[TASK STATEMENT]: Each line of the data below should be restated exactly, with images left out.

[DATA UNDER STUDY]:
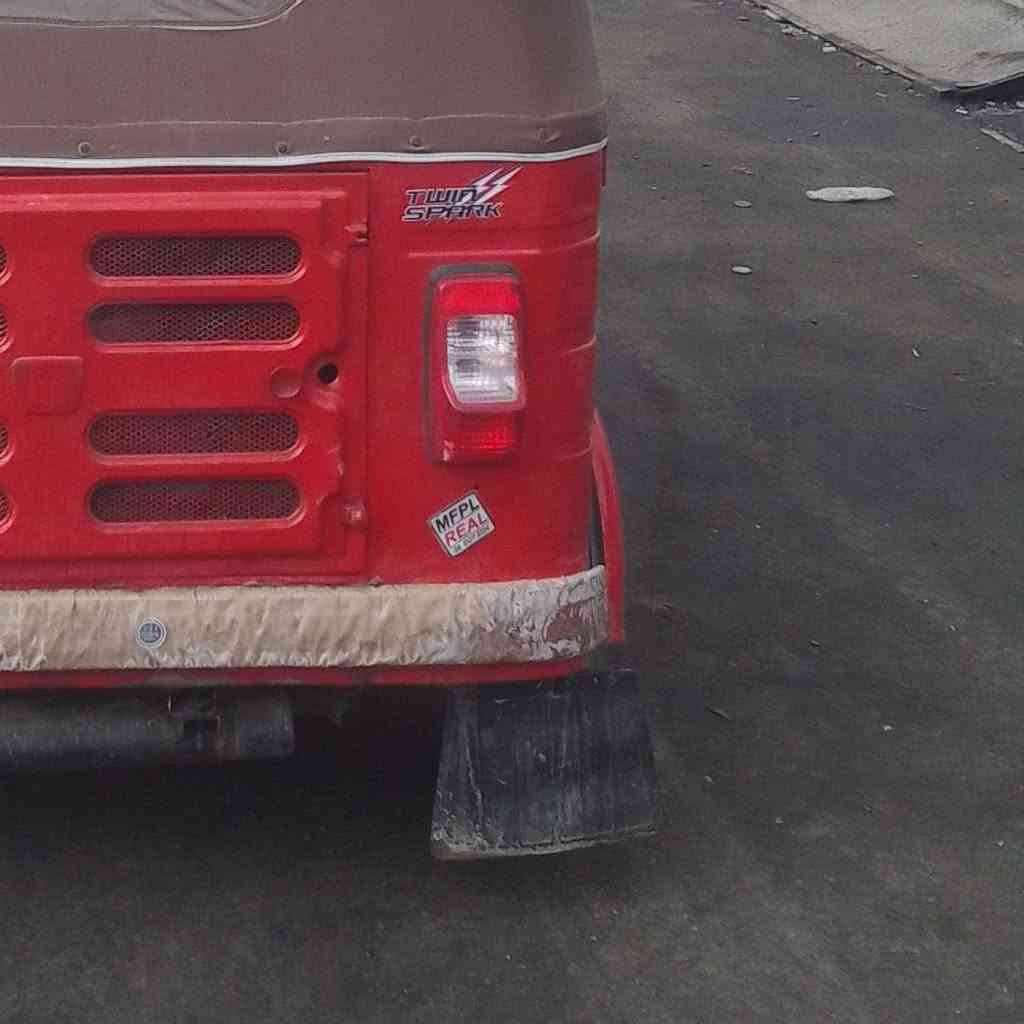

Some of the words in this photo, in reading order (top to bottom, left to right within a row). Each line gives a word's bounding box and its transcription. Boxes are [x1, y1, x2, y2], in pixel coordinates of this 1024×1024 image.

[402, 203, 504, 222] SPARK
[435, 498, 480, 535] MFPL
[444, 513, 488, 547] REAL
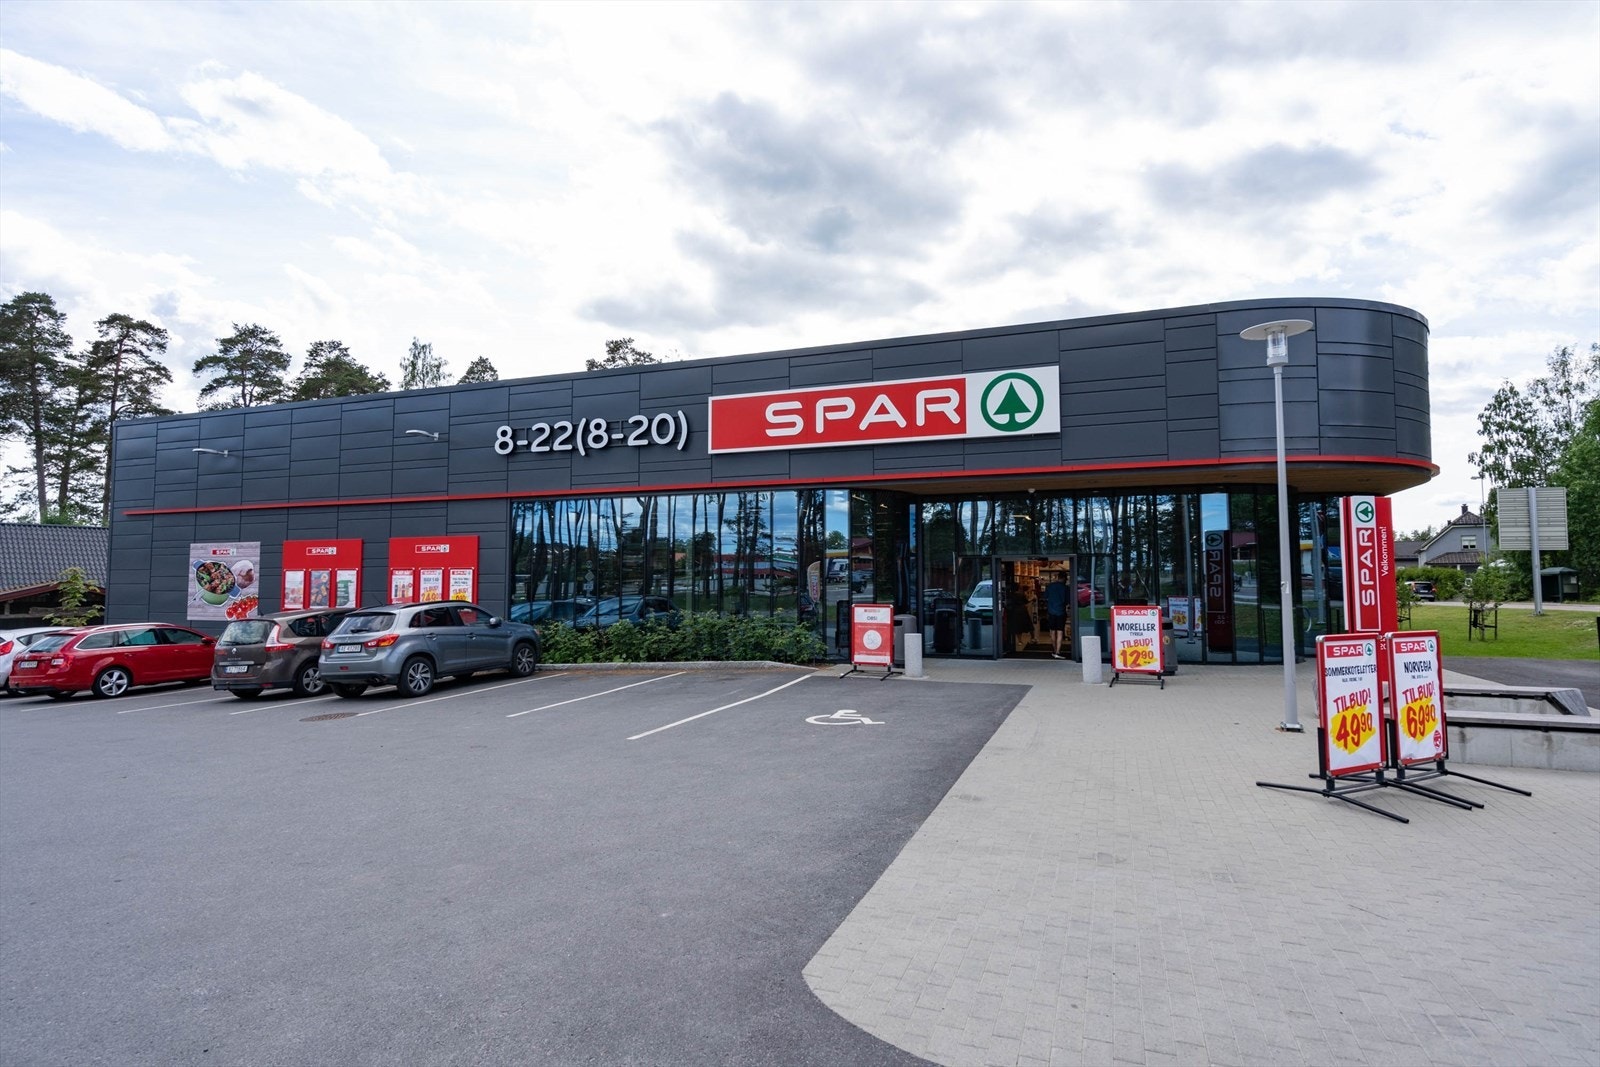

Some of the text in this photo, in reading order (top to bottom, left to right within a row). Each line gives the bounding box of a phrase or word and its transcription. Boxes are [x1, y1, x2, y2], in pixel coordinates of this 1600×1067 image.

[REPLY TO THE TASK]:
Some of the words in this photo, in reading order (top to bottom, left to right within a row). Each line gives a word's bounding box and its transcription. Boxes are [x1, y1, x2, y2], in pixel coordinates of this 1024×1024 image.

[402, 203, 504, 222] SPARK
[435, 498, 480, 535] MFPL
[444, 513, 488, 547] REAL

Some of the text in this photo, in reading order (top to bottom, left to right within a row). Each line gives the bounding box of a phrase or word and its transcription. Boxes are [x1, y1, x2, y2], in pixel coordinates of this 1600×1067 image.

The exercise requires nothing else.